- Born: Sanit Rungthep August 11, 1965 (age 60) Ban Pong, Ratchaburi province, Thailand
- Other names: Sanit Wichitkriangkrai
- Nickname: The Leaping Tiger (ไอ้เสือเผ่น)
- Height: 170 cm (5 ft 7 in)
- Division: Mini Flyweight Flyweight Super Flyweight Bantamweight Super Bantamweight Featherweight Super Featherweight
- Style: Muay Thai (Muay Tae)
- Stance: Southpaw

Other information
- Occupation: Muay Thai trainer

= Sanit Wichitkriengkrai =

Thai former professional Muay Thai fighter

Sanit Rungthep (สานิตย์ รุ่งเทพ; born August 11, 1965), known professionally as Sanit Wichitkriengkrai (สานิตย์ วิชิตเกรียงไกร), is a Thai former professional Muay Thai fighter.

==Biography and career==

Sanit started to train in Muay Thai in his native Ratchaburi province under the teaching of his uncle and father. He came to Bangkok for the first time in 1981 and was rapidly scouted. He became a popular fighter of the 1980s competing for the most powerful promoter of the time Songchai Rattanasuban. Nicknamed the "Leaping Tiger" due to the tiger tattoo on his chest, Sanit was known for his southpaw kicking technique. The most importnant rivalries os Sanit's career where against Samransak Muangsurin who he faced four times and Chanchai Sor.Tamarangsri who he faced five times. During his career Sanit defeated many notable champions such as Paruhatlek Sitchunthong, Phanrit Luksrirat, Bangkhlanoi Sor.Thanikul, Yoknoi Fairtex, Saengsakda Kittikasem, Phayannoi Sor Tasanee, Sakmongkol Sithchuchok or Superlek Sorn E-Sarn.

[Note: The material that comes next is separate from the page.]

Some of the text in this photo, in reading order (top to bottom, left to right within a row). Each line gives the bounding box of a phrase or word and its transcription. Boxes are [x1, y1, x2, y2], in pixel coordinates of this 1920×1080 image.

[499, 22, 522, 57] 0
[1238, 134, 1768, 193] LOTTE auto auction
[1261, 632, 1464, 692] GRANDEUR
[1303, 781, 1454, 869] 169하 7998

Sanit and Chanchai fought each other for the Lumpinee Stadium Bantamweight title twice, the first time on October 11, 1985, Chanchai won by decision. Sanit won the rematch on January 18, 1986, taking home the title. Chanchai was also the opponent in his retirement bout which happened on March 17, 1992, and saw Sanit win by decision.

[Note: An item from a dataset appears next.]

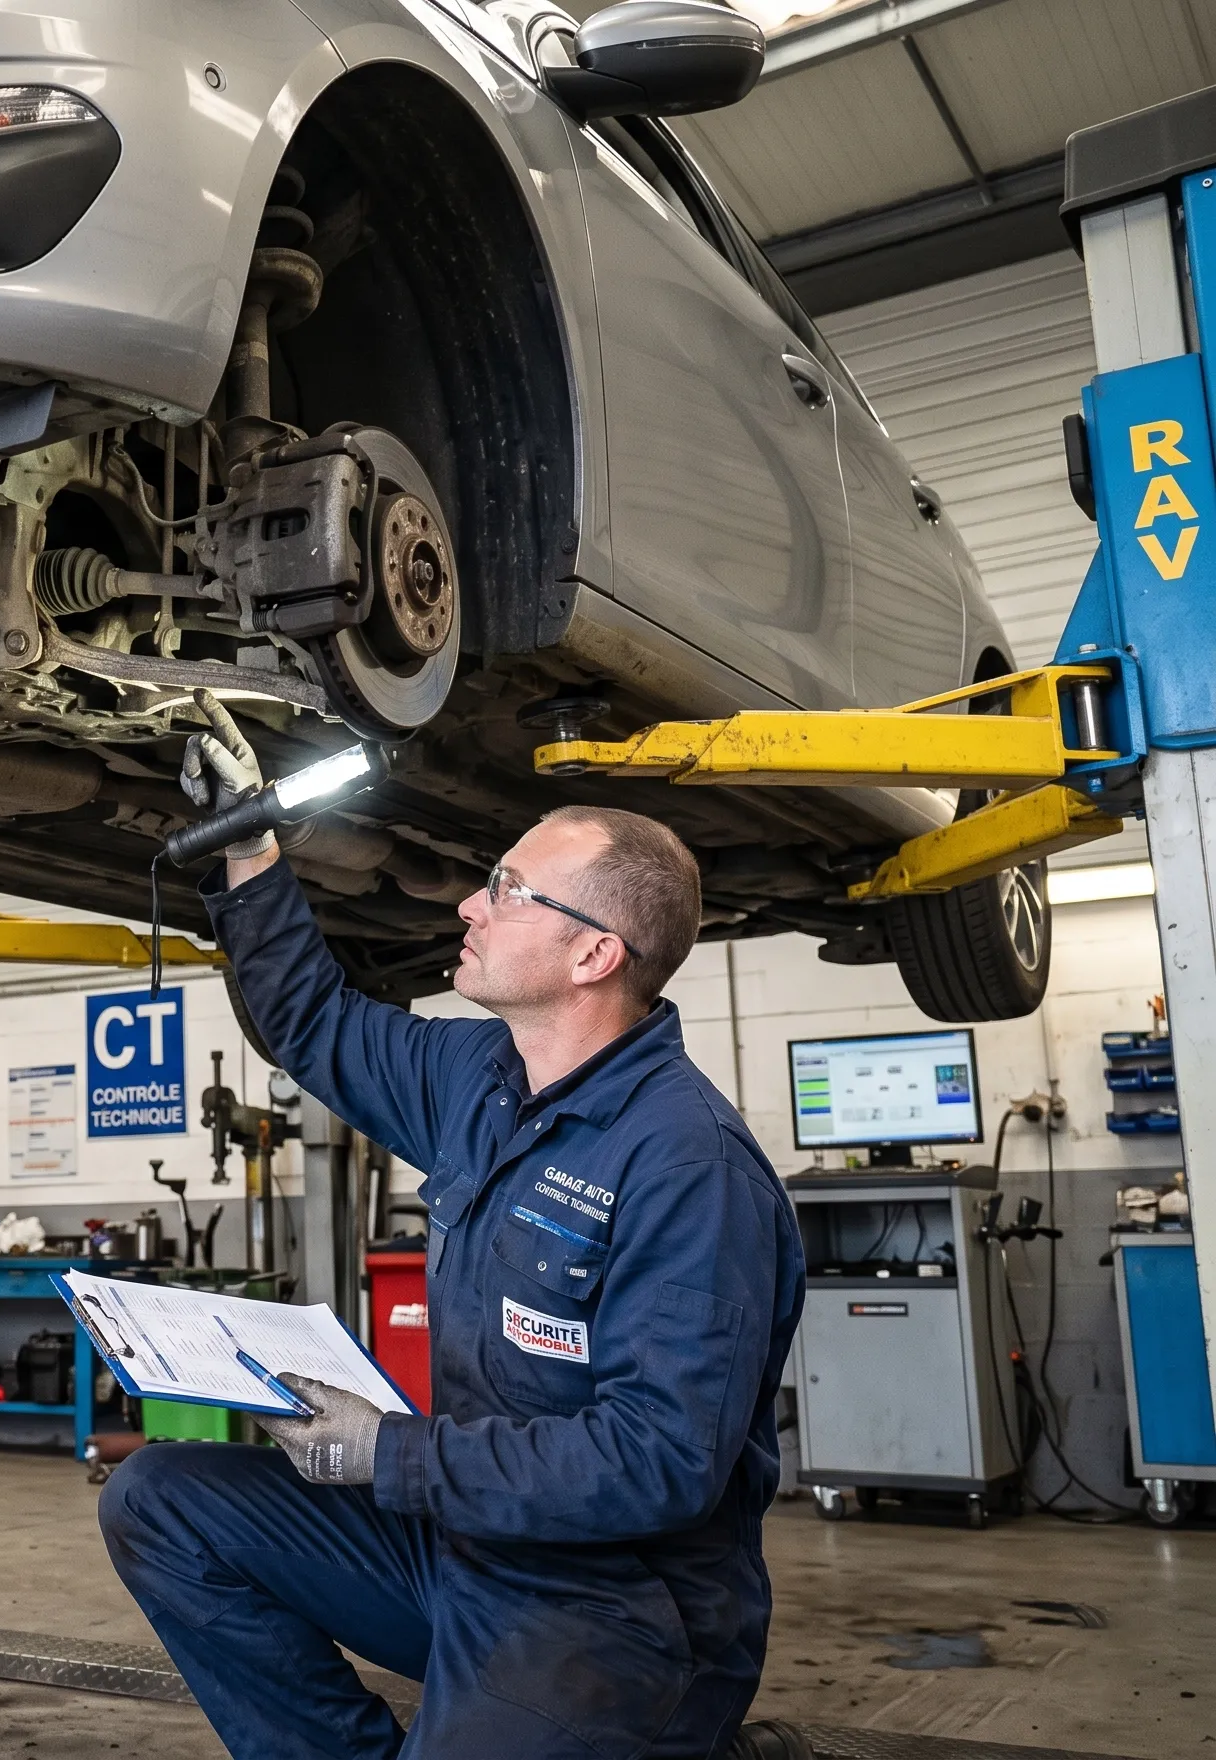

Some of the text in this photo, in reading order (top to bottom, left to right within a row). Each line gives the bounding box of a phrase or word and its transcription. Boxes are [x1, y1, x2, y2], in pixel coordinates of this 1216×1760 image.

On September 27, 1991, Sanit faced Therdkiat Sitthepitak in a fight for the vacant Lumpinee Stadium Featherweight title. He lost by decision.

In Thai, he is known by the nickname "ไอ้เสือเผ่น" (Ai Suea Phen; "the leaping tiger"), a name inspired by the large leaping tiger tattoo that dominates the center of his chest.

Sanit had regular issues with his shoulder which he dislocated numerous times including during his fight against Yoknoi Fairtex on December 19, 1986. These repeated injuries forced him out of competition for lengthy periods and precipitated his decision to retire.

After retiring, Sanit became a Muay Thai trainer in his native province. He teaches at the Sor.Singyu camp.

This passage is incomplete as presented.